- EXERCISE DETAILS:
Would you output the following records verbatim and skip the images in them?

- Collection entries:
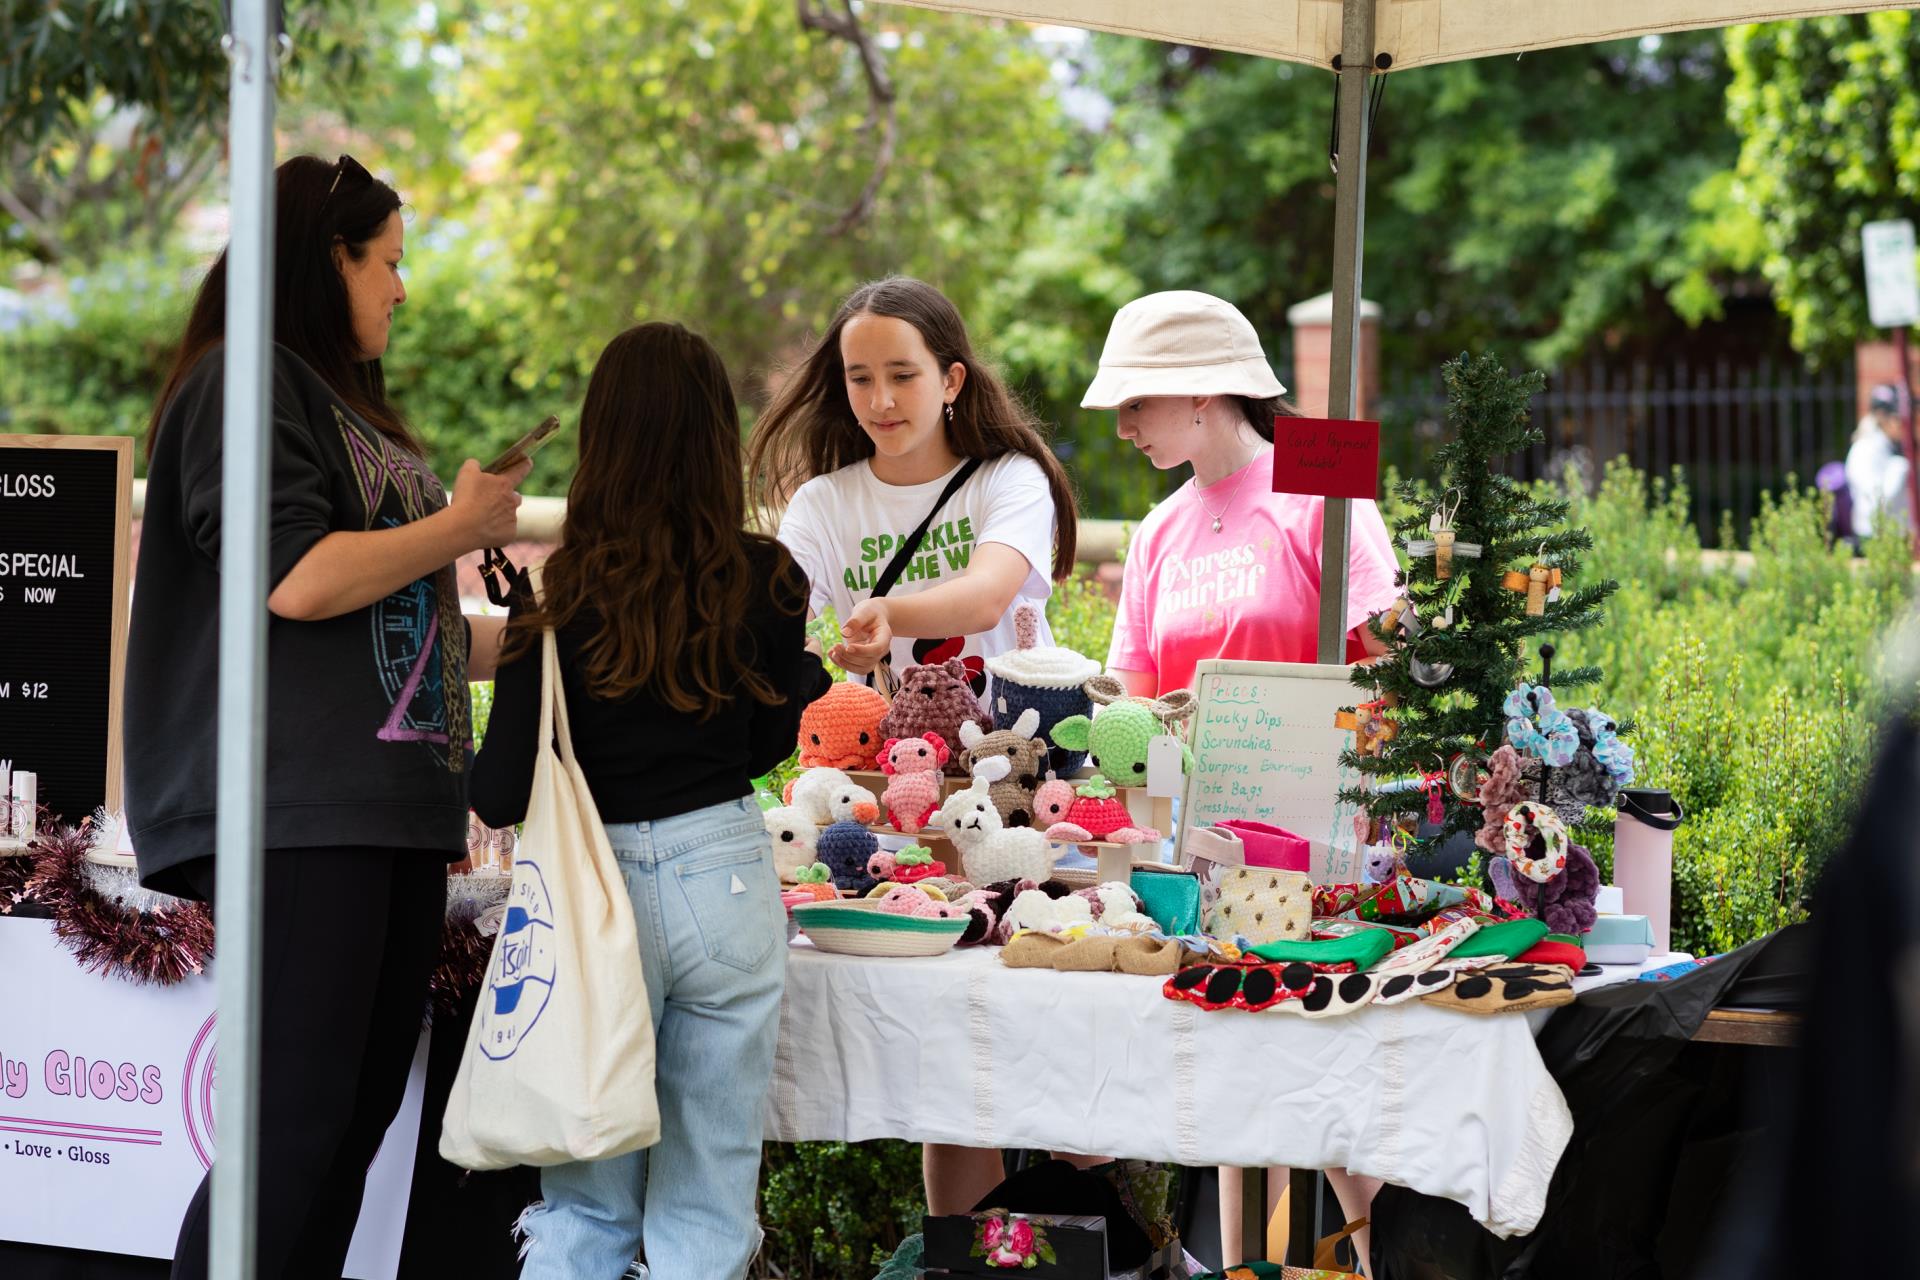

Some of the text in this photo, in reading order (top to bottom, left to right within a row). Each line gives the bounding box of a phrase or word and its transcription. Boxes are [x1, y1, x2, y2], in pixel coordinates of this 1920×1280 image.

[1287, 430, 1372, 455] Card Payment
[0, 473, 56, 498] LOSS
[860, 516, 975, 563] SPARKLE
[0, 552, 85, 578] SPECIAL
[895, 553, 941, 586] HE
[1160, 543, 1256, 588] Express
[25, 587, 56, 604] NOW
[21, 681, 49, 699] $12
[1206, 708, 1249, 732] Lucky
[1201, 729, 1272, 752] Scrunchies
[1198, 753, 1249, 777] Surprise
[1260, 759, 1313, 780] Earrings
[1195, 779, 1264, 802] Tote Bags
[1325, 857, 1351, 876] $15
[44, 1049, 163, 1105] Gloss
[15, 1139, 111, 1165] Love Gloss

- TASK OUTPUT:
Some of the text in this photo, in reading order (top to bottom, left to right within a row). Each line gives the bounding box of a phrase or word and its transcription. Boxes are [x1, y1, x2, y2], in pixel coordinates of this 1920×1280 image.

[1287, 430, 1372, 455] Card Payment
[0, 473, 56, 498] LOSS
[860, 516, 975, 563] SPARKLE
[0, 552, 85, 578] SPECIAL
[895, 553, 941, 586] HE
[1160, 543, 1256, 588] Express
[25, 587, 56, 604] NOW
[21, 681, 49, 699] $12
[1206, 708, 1249, 732] Lucky
[1201, 729, 1272, 752] Scrunchies
[1198, 753, 1249, 777] Surprise
[1260, 759, 1313, 780] Earrings
[1195, 779, 1264, 802] Tote Bags
[1325, 857, 1351, 876] $15
[44, 1049, 163, 1105] Gloss
[15, 1139, 111, 1165] Love Gloss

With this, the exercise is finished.